The chart above depicts only one spike, but such spikes may reoccur year after year. SARD-dog owners are encouraged to mark their calendars and plan ahead.
NOTE: On rare occasions, a dog’s adrenal glands may heal and cortisol replacement is no longer necessary. However, this is very uncommon and it generally occurs only after many years of hormone replacement.
Starting on the left side of the chart we see insufficient cortisol production resulting in rising sex-hormone levels (A). Once low-dose cortisol replacement therapy is initiated, sex-hormone levels begin to normalize (B).
As the seasons change, however, the dog may experience a seasonal spike in adrenal activity and a rise in sex-hormone levels (C). This translates to increased drinking, urination, appetite, liver enzymes, cholesterol levels, pancreatitis, blood glucose, seizures, lethargy, etc.

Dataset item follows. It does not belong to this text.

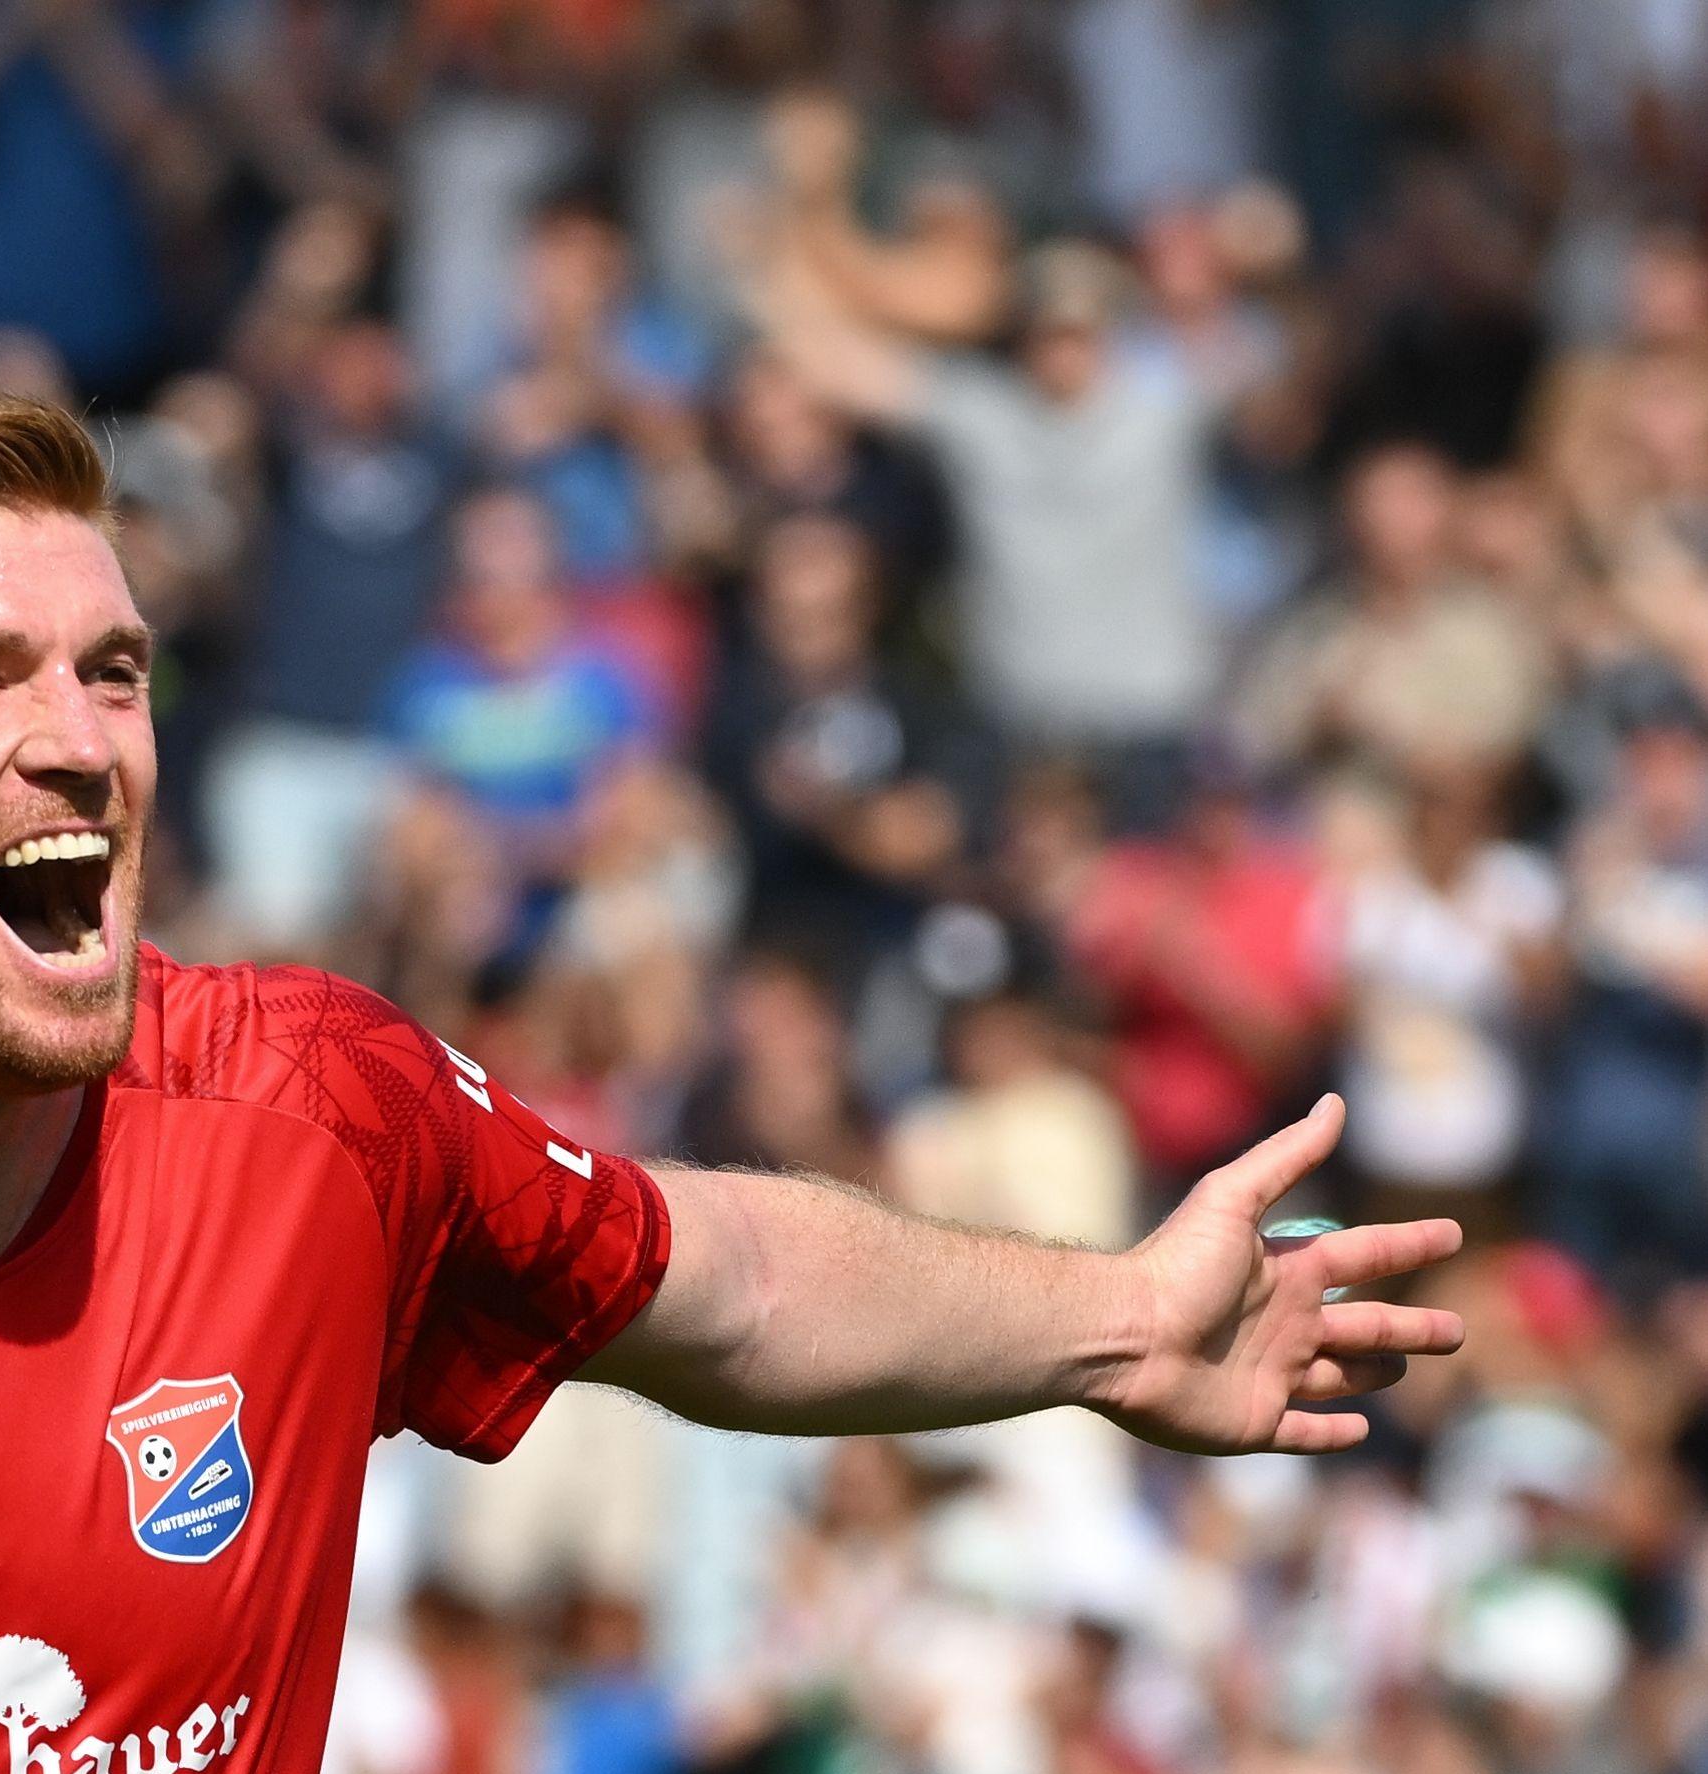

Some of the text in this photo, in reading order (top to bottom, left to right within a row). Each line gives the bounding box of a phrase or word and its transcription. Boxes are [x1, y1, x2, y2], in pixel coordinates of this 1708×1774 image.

Concerned that it is the low-dose cortisol replacement therapy causing these signs/symptoms, the practitioner discontinues therapy. The seasonal estrogen spike naturally dissipates (D), and so do steroid signs. This may lead the owner and practitioner to believe that discontinuing the low-dose cortisol replacement therapy was the correct course of action.
Without therapy, however, sex-hormone steroids may:
- remain just slightly elevated
- climb gradually (E)
- or they may exhibit repeated spikes over time (F)
Rather than discontinue therapy, holistic veterinarians will provide slightly more aggressive therapy during an estrogen spike and then continue baseline therapy thereafter (G).
Is is possible that sex-hormone levels return to normal without intervention? Anything’s possible but observation would suggest otherwise. SARD-dog owners generally report ongoing health concerns with their dogs…not every one, but many do. Year after year, email after email, owners from every corner of the world describe their dogs’ health problems.
Some dogs appear to tolerate the mildly elevated estrogen. Their owners report that they “have no symptoms” other than the vision loss. But if a dog has SARD it’s almost guaranteed that he/she also has some degree of elevated sex-hormone steroids. It can be difficult to accept these connections. However, these connections still exist.
I present this information not to upset you, but rather in the hopes that every owner is made aware of their options and that every SARD dog can experience optimum health. I really do wish you and your dogs all the best.